Task » The result should be the full listing copied exactly, with no pictures in it.

Top of Supplied information

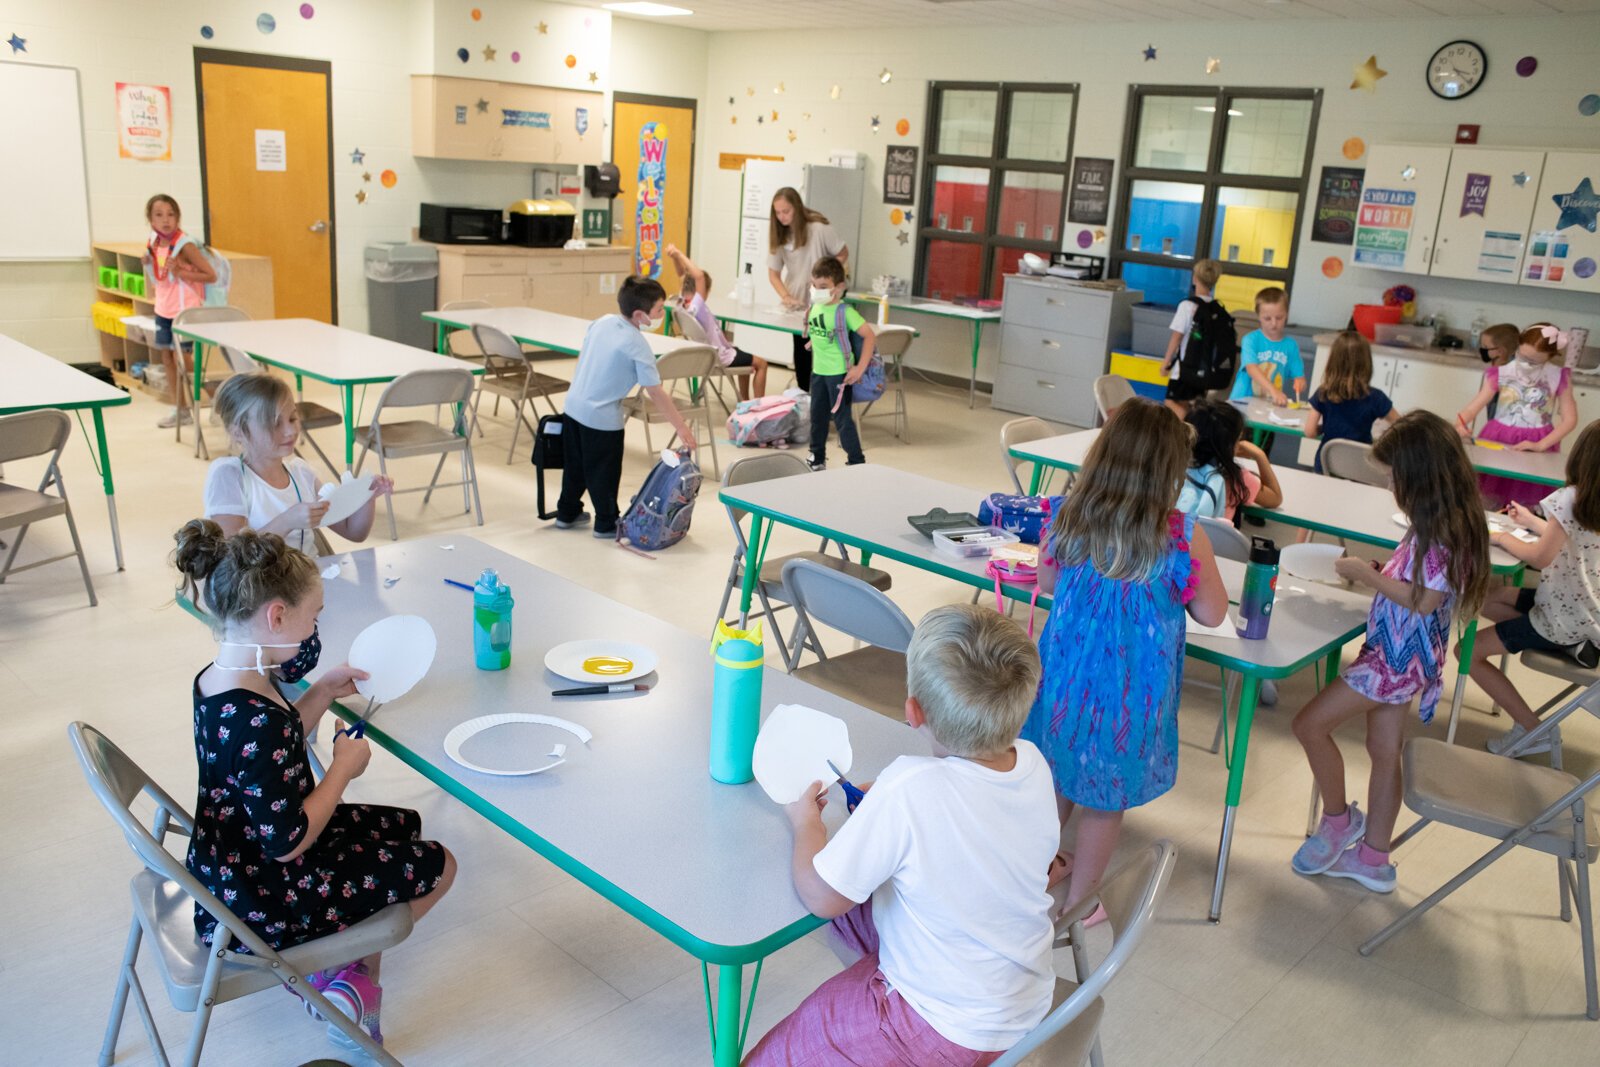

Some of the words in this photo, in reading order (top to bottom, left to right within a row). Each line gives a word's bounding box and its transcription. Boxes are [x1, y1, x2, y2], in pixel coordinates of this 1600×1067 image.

[1457, 47, 1465, 56] 12
[887, 174, 911, 194] BIG
[1466, 185, 1488, 198] JOY
[639, 140, 665, 260] Welcome
[1372, 191, 1389, 203] YOU
[1363, 207, 1409, 225] WORTH
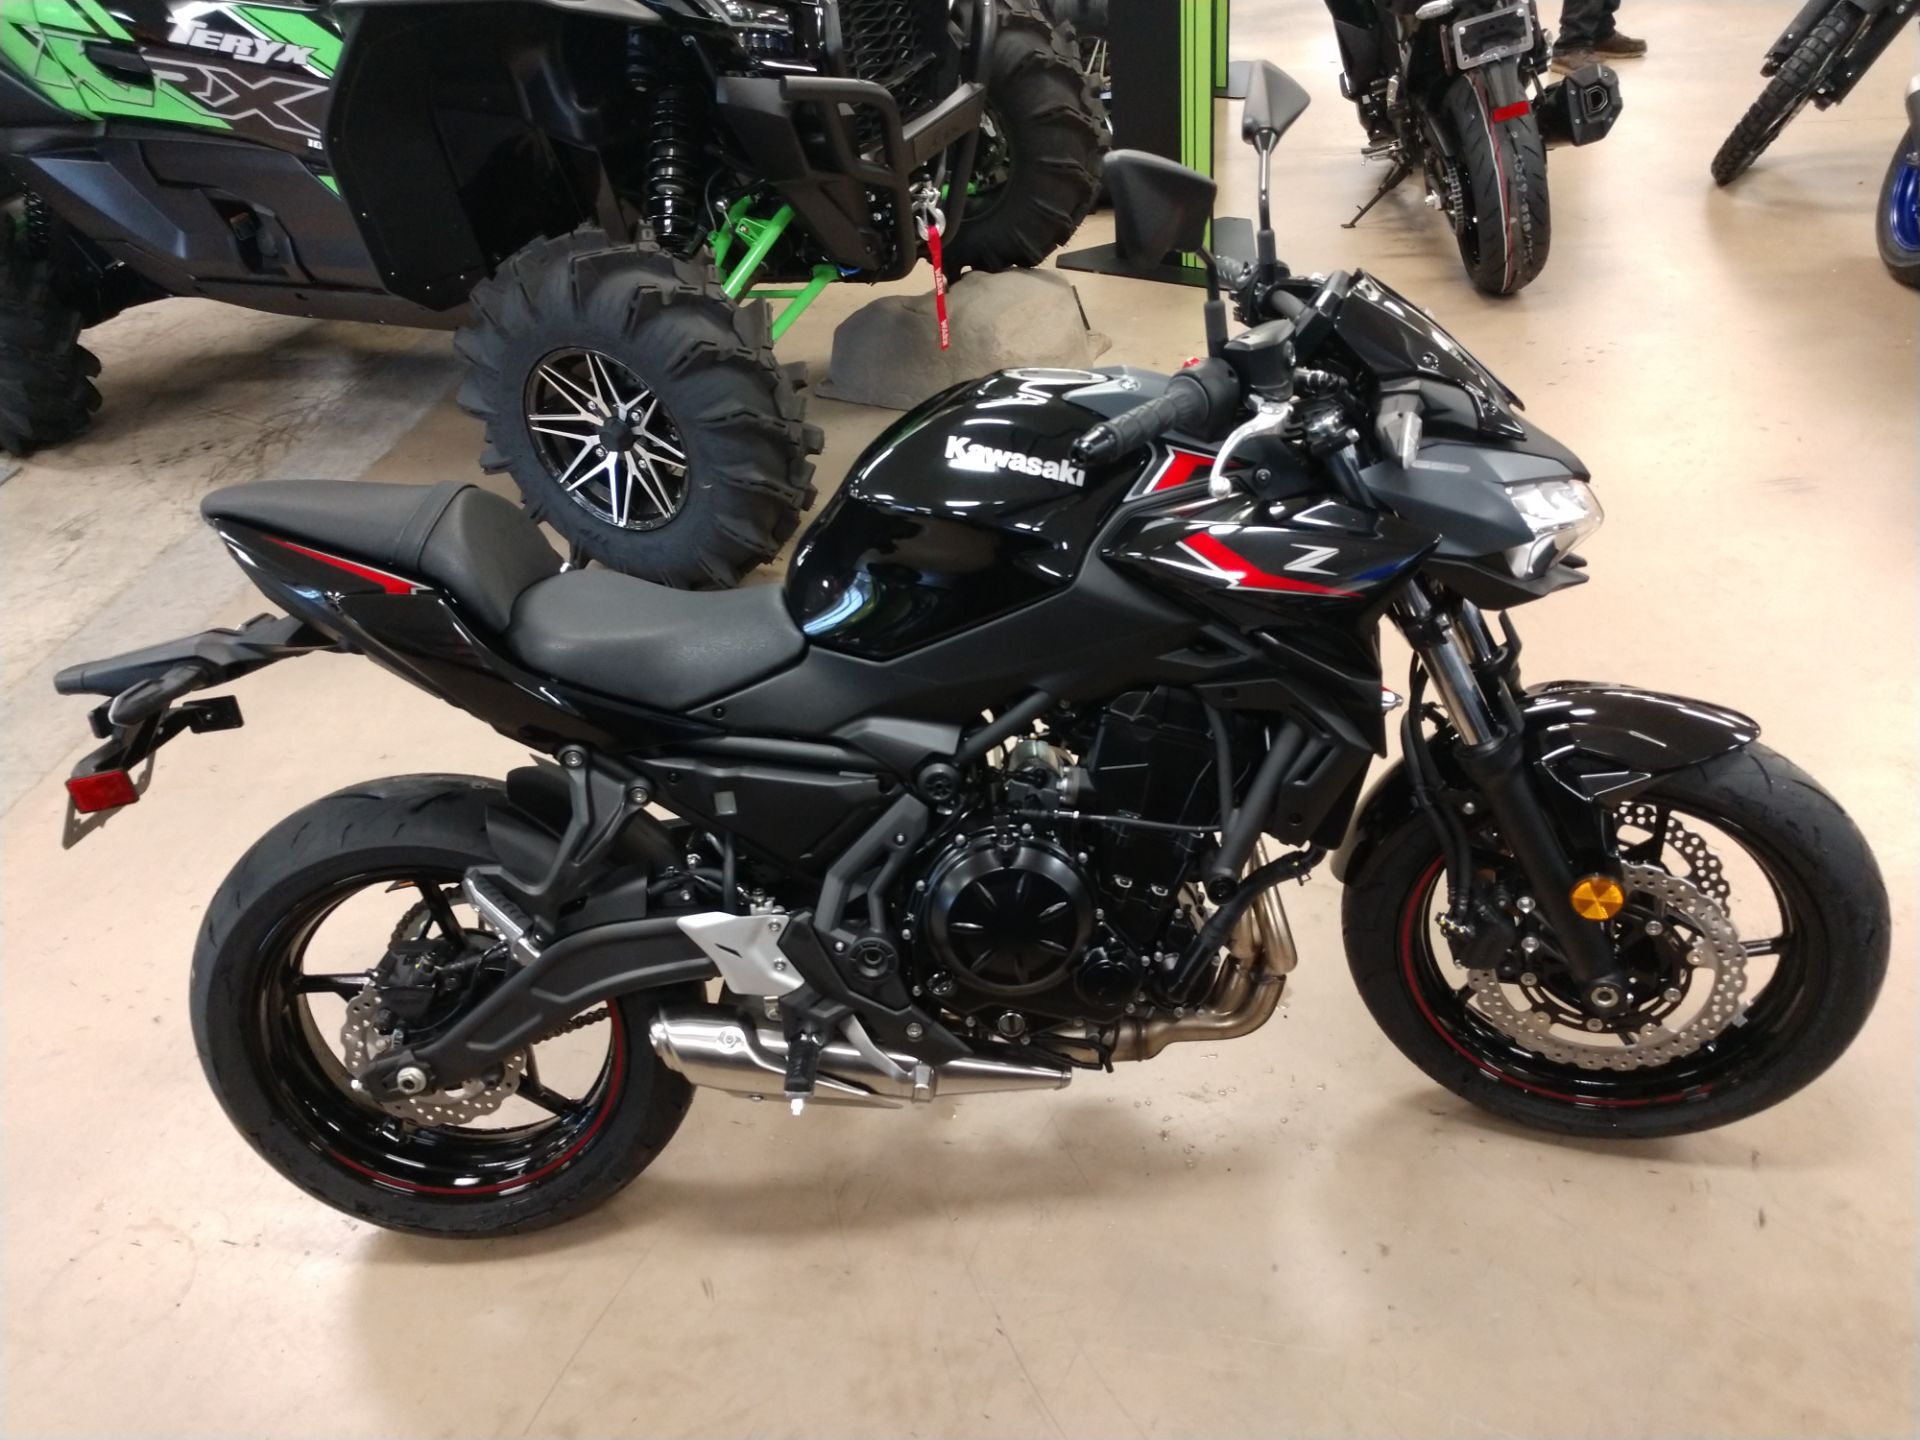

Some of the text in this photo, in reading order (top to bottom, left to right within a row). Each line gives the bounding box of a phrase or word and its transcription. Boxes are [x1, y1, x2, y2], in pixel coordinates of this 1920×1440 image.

[166, 14, 321, 65] TERYX
[943, 435, 1087, 487] Kawasaki
[1283, 543, 1340, 576] Z

Bottom of Supplied information

Response below »
Some of the words in this photo, in reading order (top to bottom, left to right within a row). Each line gives a word's bounding box and its transcription. Boxes are [x1, y1, x2, y2], in pixel coordinates of this 1600×1067 image.

[1457, 47, 1465, 56] 12
[887, 174, 911, 194] BIG
[1466, 185, 1488, 198] JOY
[639, 140, 665, 260] Welcome
[1372, 191, 1389, 203] YOU
[1363, 207, 1409, 225] WORTH

Some of the text in this photo, in reading order (top to bottom, left to right within a row). Each line gives the bounding box of a phrase or word and its transcription. Boxes are [x1, y1, x2, y2], in pixel coordinates of this 1920×1440 image.

[166, 14, 321, 65] TERYX
[943, 435, 1087, 487] Kawasaki
[1283, 543, 1340, 576] Z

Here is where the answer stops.